Quell’invito mia moglie ed io lo abbiamo raccolto (cfr. pagina 44).
Approfondendo la figura di questo grande precursore dell’arte
moderna, fa riflettere e amareggia l’incomprensione della cultura
dell’Ottocento nei confronti della sua opera: le sue tele furono infatti sempre rifiutate ai concorsi ufficiali. Atteggiamento che andava a rafforzare un già esagerato spirito autocritico del maestro.

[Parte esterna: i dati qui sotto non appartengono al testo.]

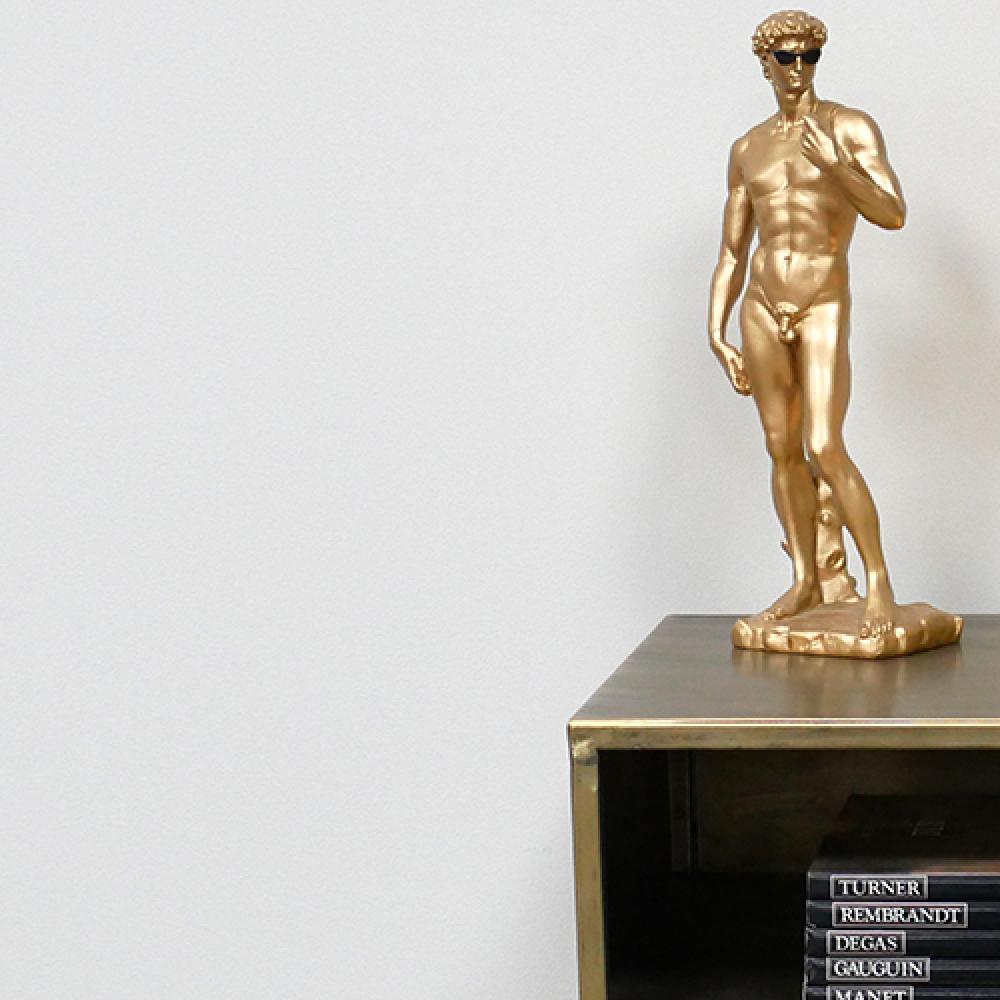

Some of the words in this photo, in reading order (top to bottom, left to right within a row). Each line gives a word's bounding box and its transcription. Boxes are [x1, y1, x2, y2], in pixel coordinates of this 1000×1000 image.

[838, 879, 921, 896] TURNER
[841, 906, 961, 923] REMBRANDT
[835, 935, 898, 951] DEGAS
[833, 960, 923, 976] GAUGUIN

Un mese prima di morire scriveva, sempre a Bernard: “Vivo in
uno stato di malessere diffuso. Tale stato durerà fino a quando le
mie ricerche non saranno arrivate in porto… La mia costante preoccupazione è per la meta da raggiungere. Lavoro sempre davanti
alla natura e mi sembra di fare lenti progressi”. Un anno prima al
critico d’arte Roger Marx aveva scritto: “La mia età e le mie condizioni non mi permetteranno di realizzare il sogno d’arte che ho inseguito per tutta la vita. Ma sarò eternamente riconoscente al pubblico d’intelligenti amatori che ha avuto – al di là delle mie esitazioni – l’intuizione di ciò che ho voluto tentare per rinnovare la mia
arte”.
Paul Cézanne è oggi universalmente considerato il padre della pittura moderna, colui che ha saputo sintetizzare la tradizione in
forme geometriche e allusive, aprendo la strada al cubismo e alle
altre avanguardie. Nonostante le frequentazioni con gli intellettuali
e gli artisti parigini, ha condotto una ricerca personale e in qualche
modo isolata approdando tuttavia a soluzioni che saranno imprescindibili per l’intero Novecento pittorico. Come scrive Ernst H.
Gombrich nella sua “Storia dell’arte” (Milano 1998) “non stupisce
che Cézanne giungesse spesso sull’orlo della disperazione e che lavorasse incessantemente senza mai interrompere gli esperimenti. Il
vero miracolo è che abbia potuto ottenere nei suoi quadri un risultato apparentemente impossibile”. Nell’arte è così, osserva ancora
Gombrich, “a un tratto l’equilibrio si produce e nessuno sa come e
perché”. E conclude: “Cézanne aveva deciso di non accettare per
dato nessun metodo pittorico tradizionale, ha voluto ricominciare
daccapo, come se non fosse esistita pittura prima di lui”.